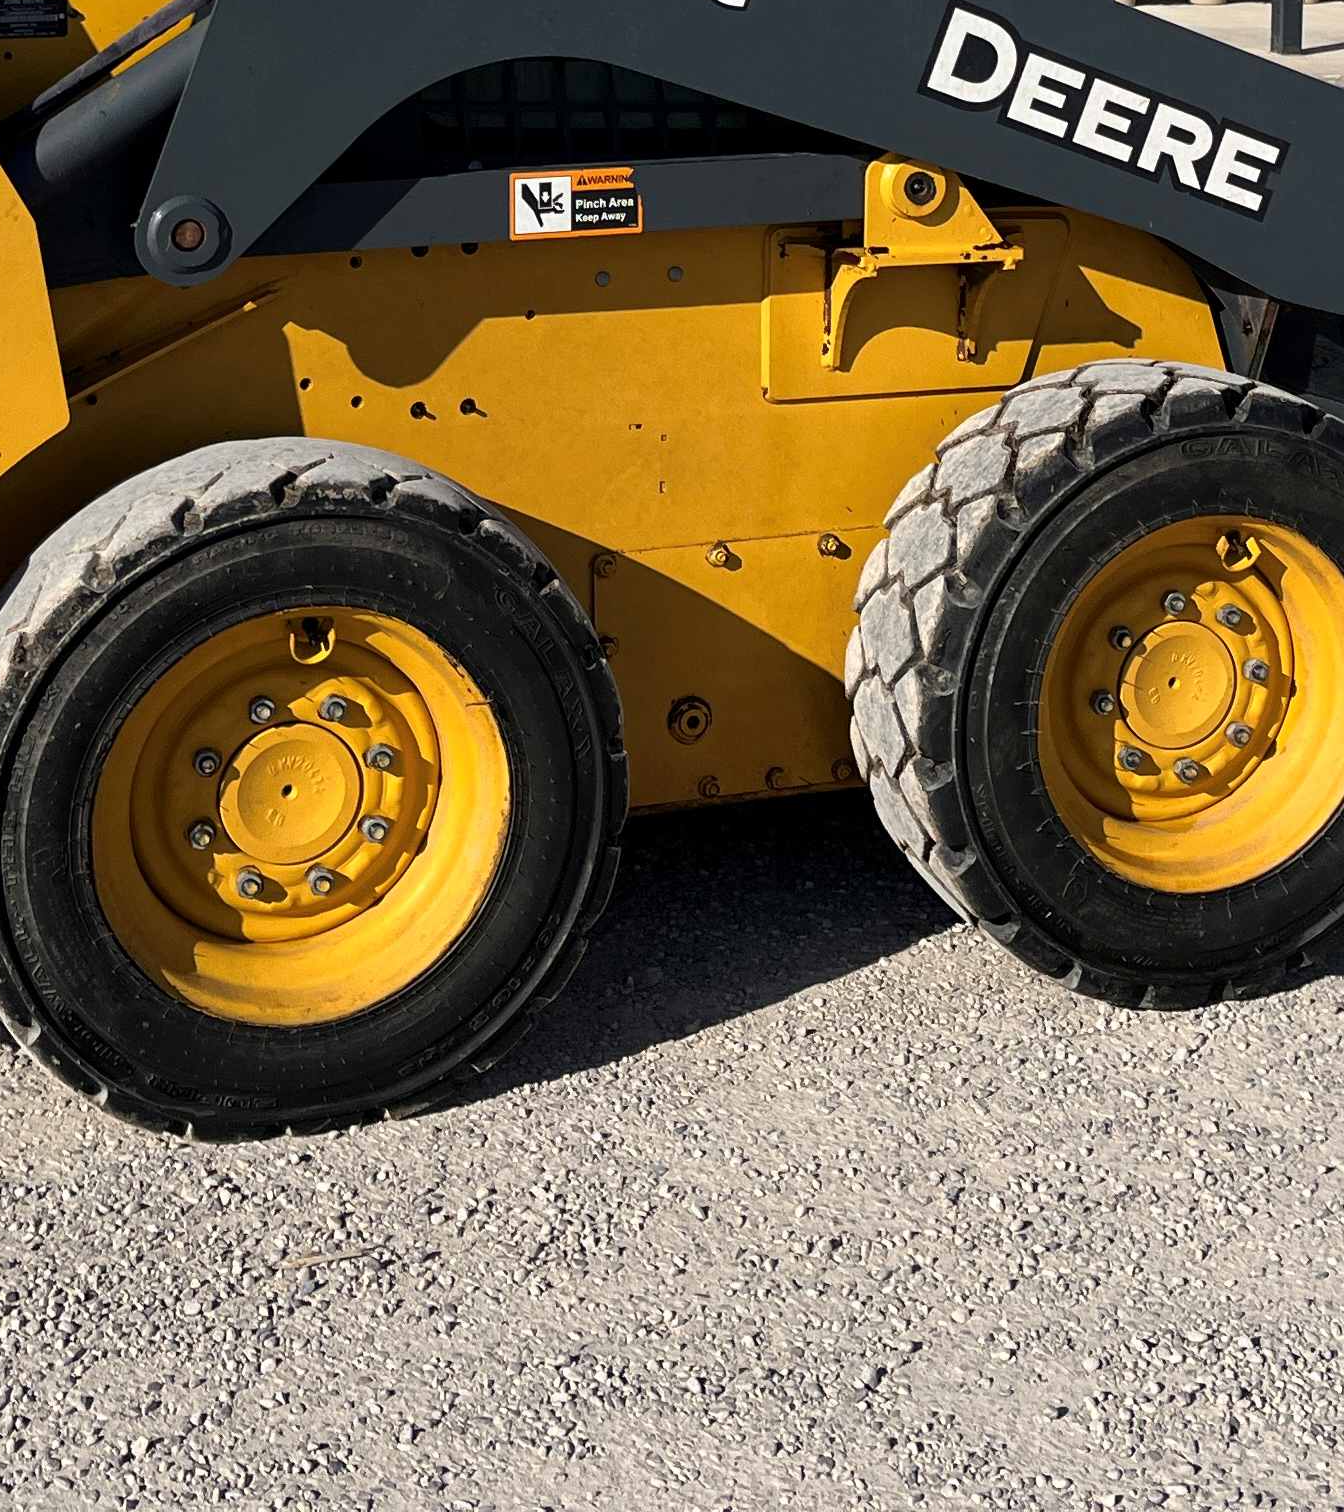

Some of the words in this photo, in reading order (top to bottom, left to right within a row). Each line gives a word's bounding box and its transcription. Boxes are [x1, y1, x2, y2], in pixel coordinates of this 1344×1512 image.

[925, 5, 1282, 213] DEERE
[587, 175, 633, 186] WARNIN
[575, 199, 606, 210] Pinch
[609, 197, 634, 208] Area
[575, 212, 599, 224] Keep
[601, 211, 626, 223] Away
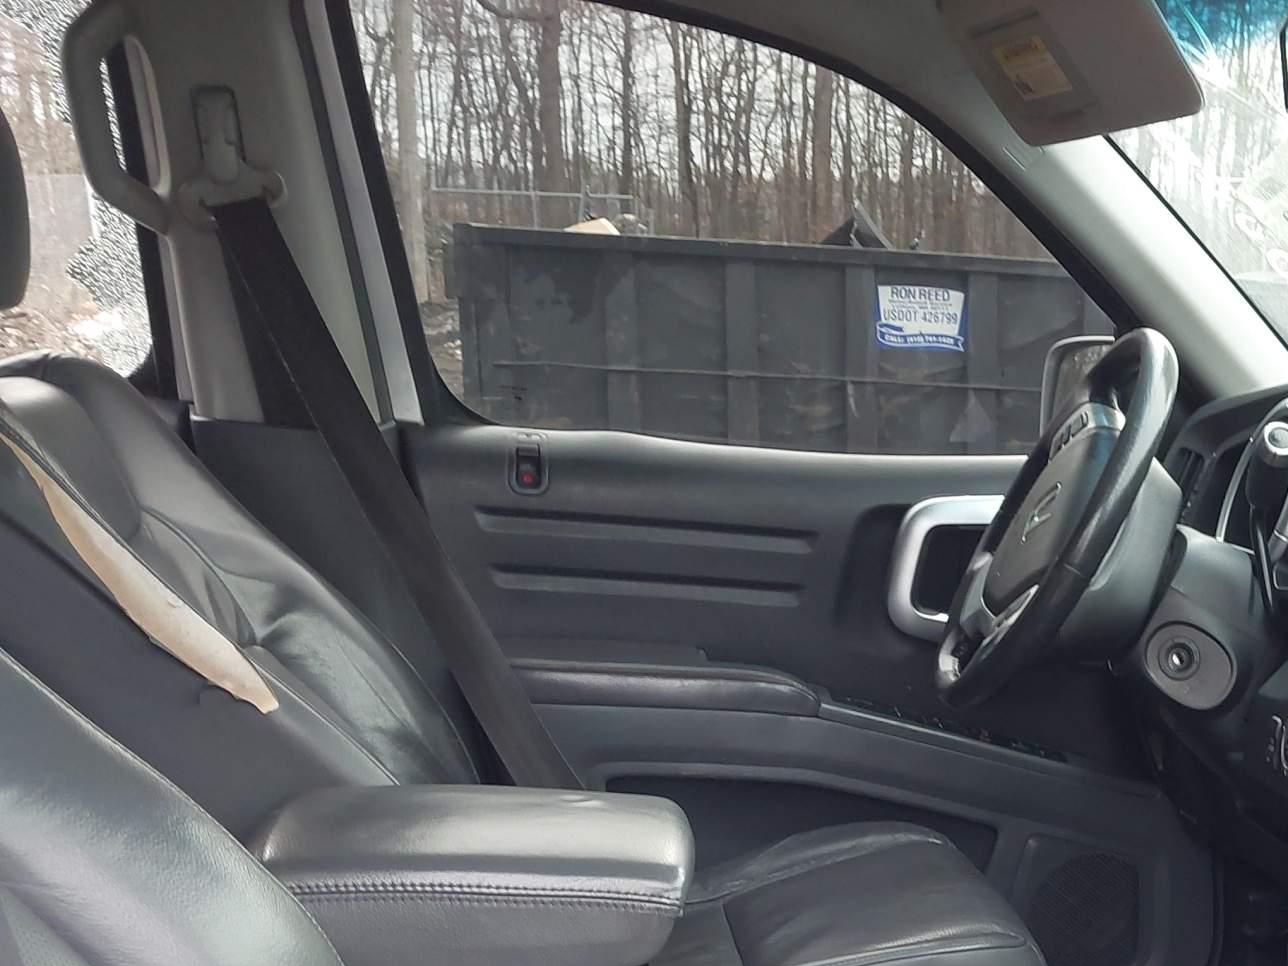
-*-
=== Your assignment ===
The records above must be printed exactly; the pictures stay out.

=== Your solution ===
Some of the words in this photo, in reading order (top to bottom, left to right within a row). Each line gives a word's bounding box and its transcription. Boxes are [x1, y1, x2, y2], in pixel coordinates of this 1344×1512 image.

[925, 5, 1282, 213] DEERE
[587, 175, 633, 186] WARNIN
[575, 199, 606, 210] Pinch
[609, 197, 634, 208] Area
[575, 212, 599, 224] Keep
[601, 211, 626, 223] Away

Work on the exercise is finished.